ACTIVITY>
Make an exact copy of every entry, leaving the pictures out.

RECORDED INFORMATION>
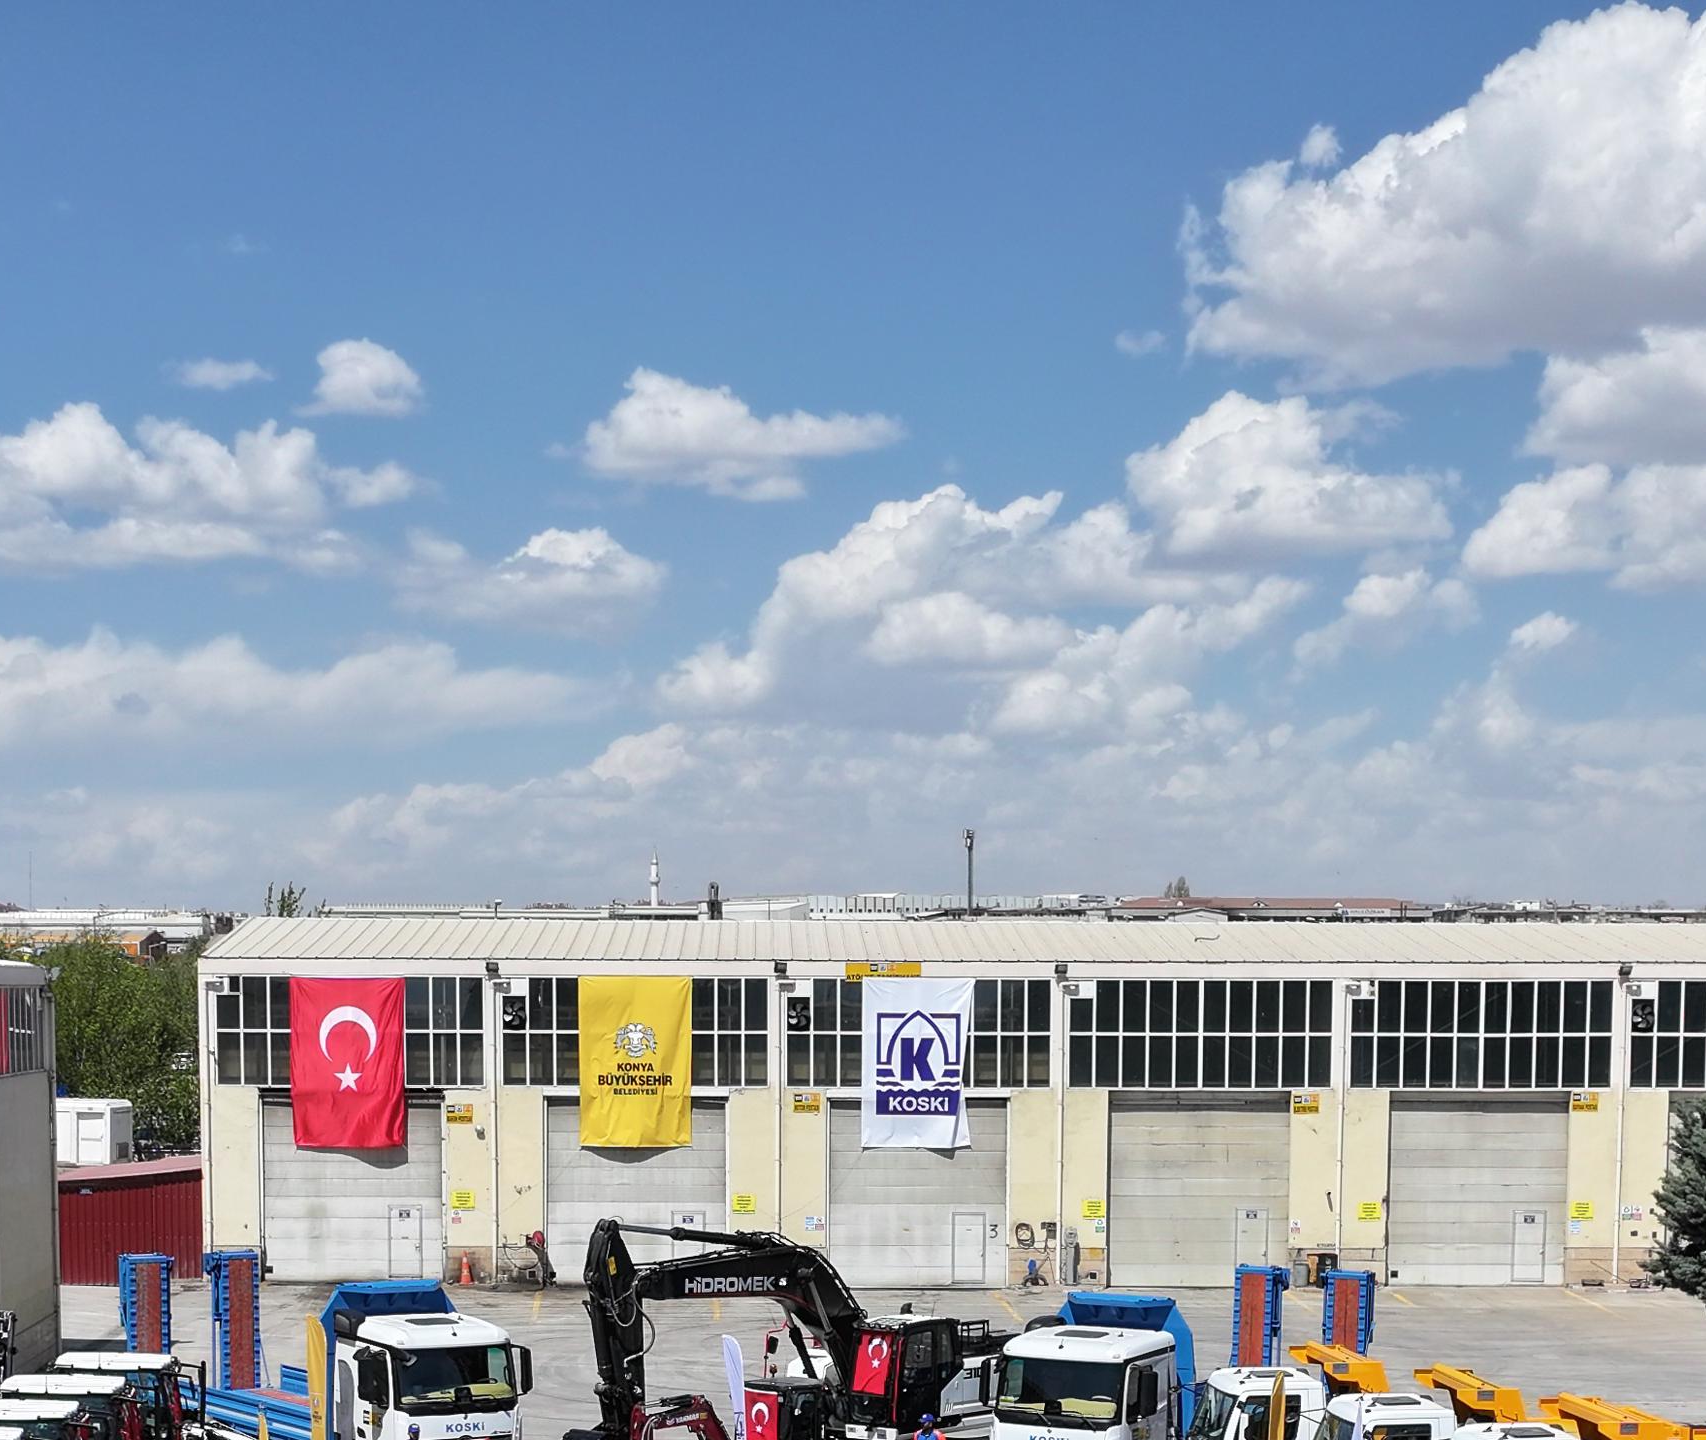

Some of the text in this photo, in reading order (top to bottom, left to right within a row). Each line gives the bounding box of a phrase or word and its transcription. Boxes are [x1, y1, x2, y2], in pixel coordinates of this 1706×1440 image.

[900, 1037, 936, 1081] K
[617, 1062, 654, 1072] KONYA
[613, 1087, 658, 1095] BELEDİYESİ
[989, 1224, 998, 1239] 3

FINAL ANSWER>
Some of the text in this photo, in reading order (top to bottom, left to right within a row). Each line gives the bounding box of a phrase or word and its transcription. Boxes are [x1, y1, x2, y2], in pixel coordinates of this 1706×1440 image.

[900, 1037, 936, 1081] K
[617, 1062, 654, 1072] KONYA
[613, 1087, 658, 1095] BELEDİYESİ
[989, 1224, 998, 1239] 3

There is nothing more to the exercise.